* [What you have to do]
Should any entry hold a picture, omit that picture and copy the rest of the entry exactly.

* [Data to examine]
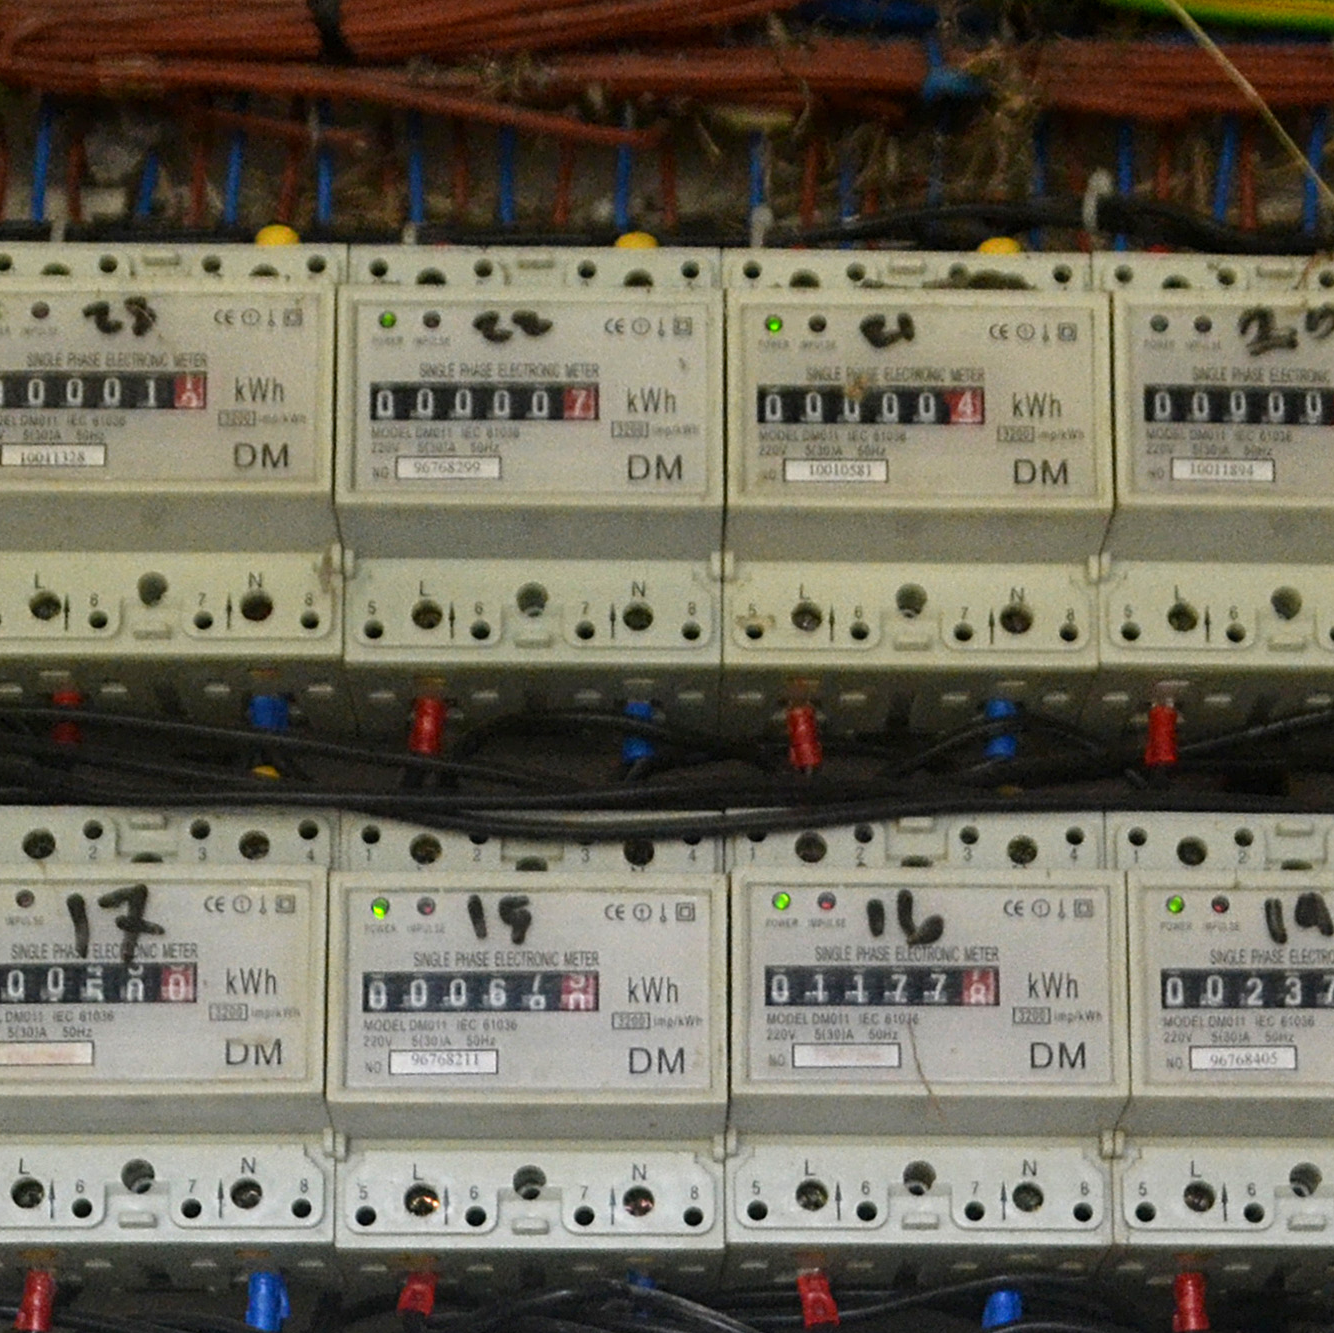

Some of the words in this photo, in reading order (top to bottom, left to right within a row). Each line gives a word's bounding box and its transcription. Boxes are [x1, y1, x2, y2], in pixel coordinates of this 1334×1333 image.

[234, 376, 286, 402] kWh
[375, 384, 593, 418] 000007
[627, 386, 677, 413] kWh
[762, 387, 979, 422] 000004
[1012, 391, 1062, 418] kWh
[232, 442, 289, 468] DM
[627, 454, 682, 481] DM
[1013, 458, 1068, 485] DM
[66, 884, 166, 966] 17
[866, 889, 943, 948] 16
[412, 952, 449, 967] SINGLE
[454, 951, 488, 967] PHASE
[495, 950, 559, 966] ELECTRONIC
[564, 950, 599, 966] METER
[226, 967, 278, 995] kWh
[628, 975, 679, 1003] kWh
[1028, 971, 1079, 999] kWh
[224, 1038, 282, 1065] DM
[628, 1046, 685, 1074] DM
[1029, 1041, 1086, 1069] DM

* [Written reply]
Some of the words in this photo, in reading order (top to bottom, left to right within a row). Each line gives a word's bounding box and its transcription. Boxes are [x1, y1, x2, y2], in pixel coordinates of this 1334×1333 image.

[234, 376, 286, 402] kWh
[375, 384, 593, 418] 000007
[627, 386, 677, 413] kWh
[762, 387, 979, 422] 000004
[1012, 391, 1062, 418] kWh
[232, 442, 289, 468] DM
[627, 454, 682, 481] DM
[1013, 458, 1068, 485] DM
[66, 884, 166, 966] 17
[866, 889, 943, 948] 16
[412, 952, 449, 967] SINGLE
[454, 951, 488, 967] PHASE
[495, 950, 559, 966] ELECTRONIC
[564, 950, 599, 966] METER
[226, 967, 278, 995] kWh
[628, 975, 679, 1003] kWh
[1028, 971, 1079, 999] kWh
[224, 1038, 282, 1065] DM
[628, 1046, 685, 1074] DM
[1029, 1041, 1086, 1069] DM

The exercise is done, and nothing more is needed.